The verb struggle is defined as “to contend resolutely with a task or problem”. The noun form means “the process, or an act or instance of struggling”. Thank you dictionary.com. Very helpful.
Digging further, the word “contend” includes an aspect of opposition or rivalry. “Resolutely” implies determination. Since math is not a war to be fought, I was at a bit of a dead end (no pun intended). But maybe the opposition isn’t with math itself. Perhaps the opposition, the thing we have to grapple with when things get hard, is the uncertainty about how to move forward. The discomfort that comes from unfamiliarity. Not having the information or knowledge we need to advance. Maybe struggle occurs whenever the path is unclear. Productive struggle, then, is when the path is unclear but the destination is clear. This is in contrast to unproductive struggle, when the path and the destination are unclear.
And because everyone loves a 2x2 matrix, we can also consider the kinds of activities that occur in our classrooms when the path is clear.
It is important to note that when I say “destination unclear” I mean that the destination is unclear to the student. A teacher might be crystal clear about where they’re trying to get their students to go, what skill they’re trying to teach, but the student has no real sense of why they’re doing what they’re doing. They might be able to read off the board that the goal is to “solve a system of equations using elimination” but they have no idea why that might be worthwhile, or how it relates to other destinations they’ve visited in the past.

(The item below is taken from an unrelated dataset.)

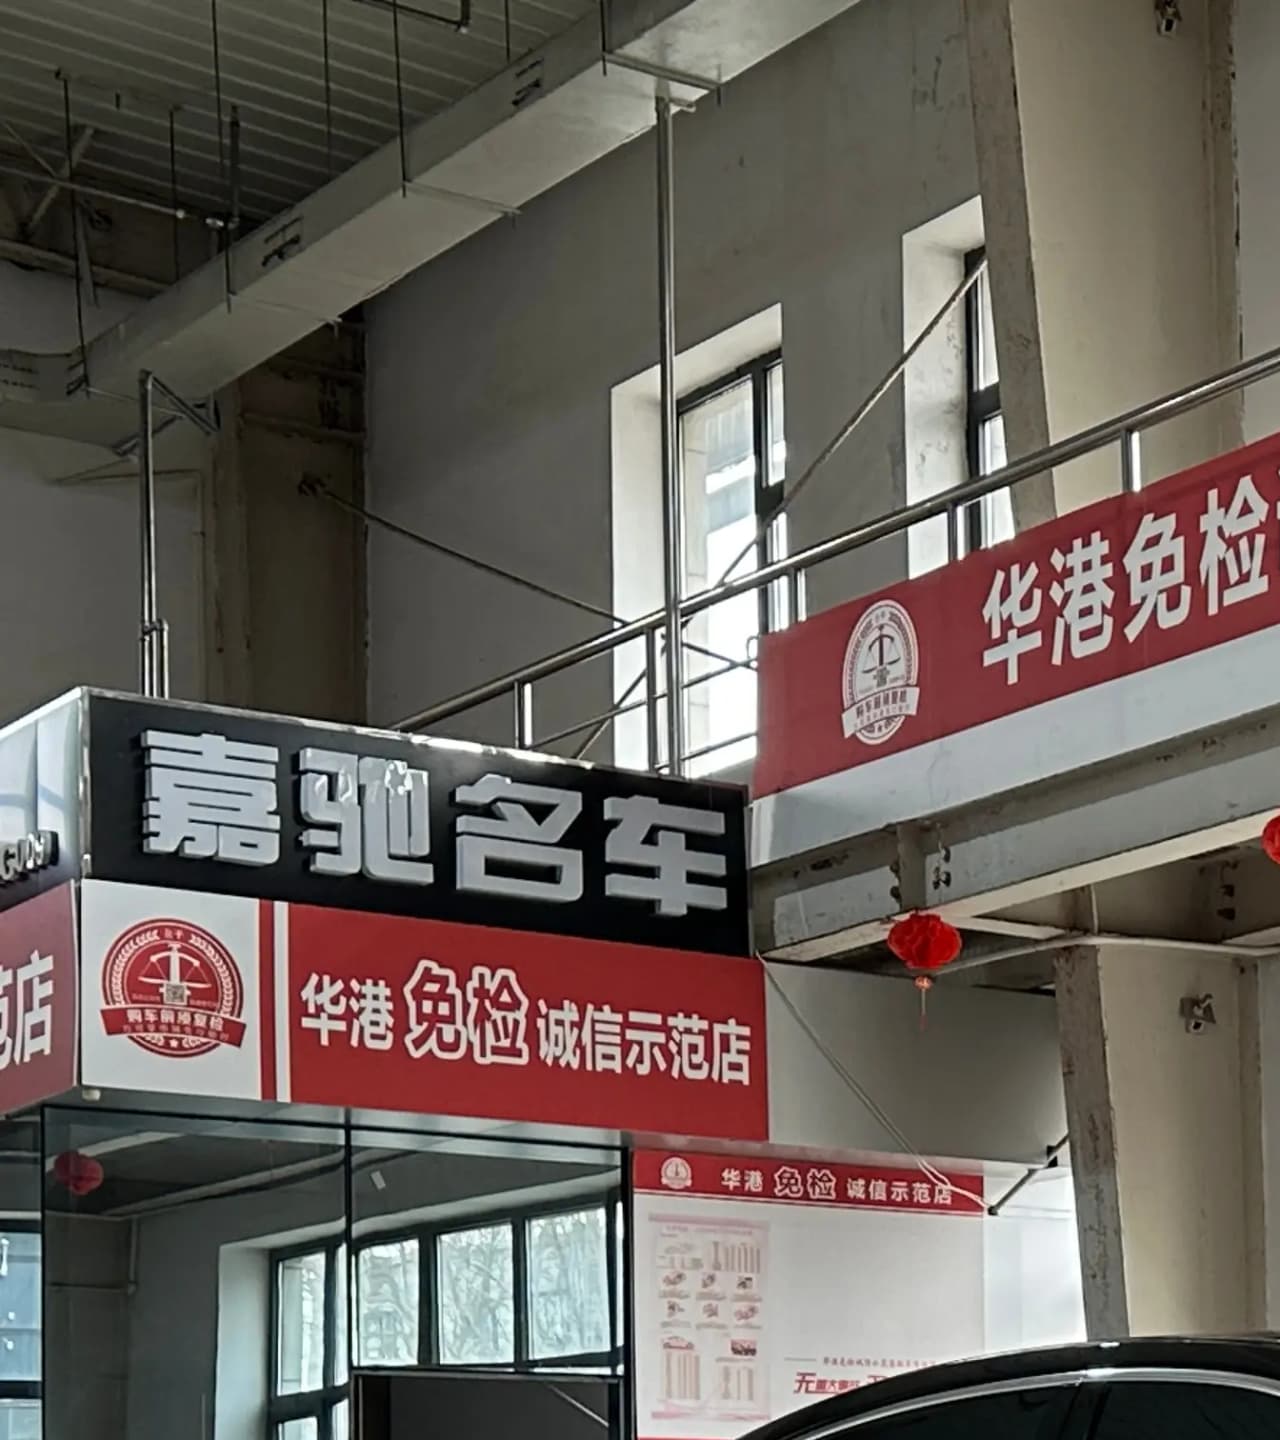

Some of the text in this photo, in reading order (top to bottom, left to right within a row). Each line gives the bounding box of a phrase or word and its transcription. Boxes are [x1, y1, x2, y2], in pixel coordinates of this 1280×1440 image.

[140, 728, 728, 918] 嘉驰名车
[300, 958, 751, 1086] 华港免检诚信示范店

Our goal is not to help students avoid struggle or even cope with struggle. Our goal is to help students value struggle and persevere through struggle in a way that fosters their self-efficacy as a learner. Only when students are entrusted with the cognitive load of having to search the databanks of their current understanding, identify helpful information, and compose that information to solve an unfamiliar problem, do they learn in a meaningful way. By this I mean that they “own” the new learning and it sticks, disrupting the constant cycle of reviewing and reteaching. This works best of course when students have multiple data banks to draw from and can leverage the help of others to organize and synthesize ideas (i.e. group work).
Struggle, if it is productive, is the means by which students come to understand mathematics.
Productive struggle and learning
I find Vygotsky’s idea of a zone of proximal development (ZPD) helpful here. This is the potential for new learning that exists just outside of a student’s current [individual] set of skills, knowledge, and capabilities.
In his theory, this potential is only realized through social interactions with others, what he describes as “assistance from adults or more capable peers”. Two things of note here:
There is a transfer of responsibility. Things that used to be in the ZPD move to the inner circle, or what a student can do individually and without assistance. Permanent scaffolding is not the goal here!
The word “assistance” may not mean what you think it does. As teachers who care deeply about the success of our students, we often run the risk of helping our students too much. We take over too much of the thinking and funnel them toward the right answer. Assisting is not laying out the path for the student and breadcrumbing them to an answer. Assisting looks like asking focusing questions, offering students opportunities for collaboration and proper scaffolds so that collaboration is effective, and skillfully leading a debrief in a way that organizes, structures, and formalizes ideas that are still in-process.
When students engage in productive struggle, they are working in their ZPD, that sweet spot of wrestling with ideas just beyond their current comfort and skill level, but not so out of reach that it becomes frustrating. We wouldn't try to teach integrals to a third grader! The good news is that working within the ZPD is inherently motivating. Responsibility is transferred from the helpful peer or adult to the learner which leads to that sense of pride we get when we master something we’ve been working hard at, and increases the learner’s sense of self-efficacy. Students are more willing to engage in future challenges because they have seen the fruit of their persistence.
Why should we build students' capacity for struggle?
When we teach with tasks that engage and challenge students, when we use peer-to-peer dialogue as a primary method for helping students make sense of ideas, and when we communicate through our words and actions authentic views of what it means to do and learn mathematics, we build students’ capacity for struggle. We widen the student’s ZPD. We take things that used to be beyond reach and make them accessible to students, because the idea of wrestling, making sense, and persevering are no longer foreign to them.
My closest airport in Grand Rapids, Michigan is teeny tiny. Twelve gates, that’s it. Although flying out of GRR is really convenient, I’m often quite limited in my options. There are only so many destinations that you can get to directly, and oftentimes the price for such ease is horrendous. But if I’m willing to drive 3 hours to Chicago O’Hare, the world is my oyster! I can travel virtually anywhere and if my flight gets canceled, no problem– there are plenty of other flights on which they can rebook me. Committing to a classroom centered around productive struggle is like choosing to make the drive to ORD. It might not feel like the most convenient or efficient choice in the short run, it might take time that you don’t think you have, it certainly adds complexity to the journey, but when you get there, when you truly have a classroom where all students are empowered to think and make sense of mathematics for themselves, the possibilities are endless!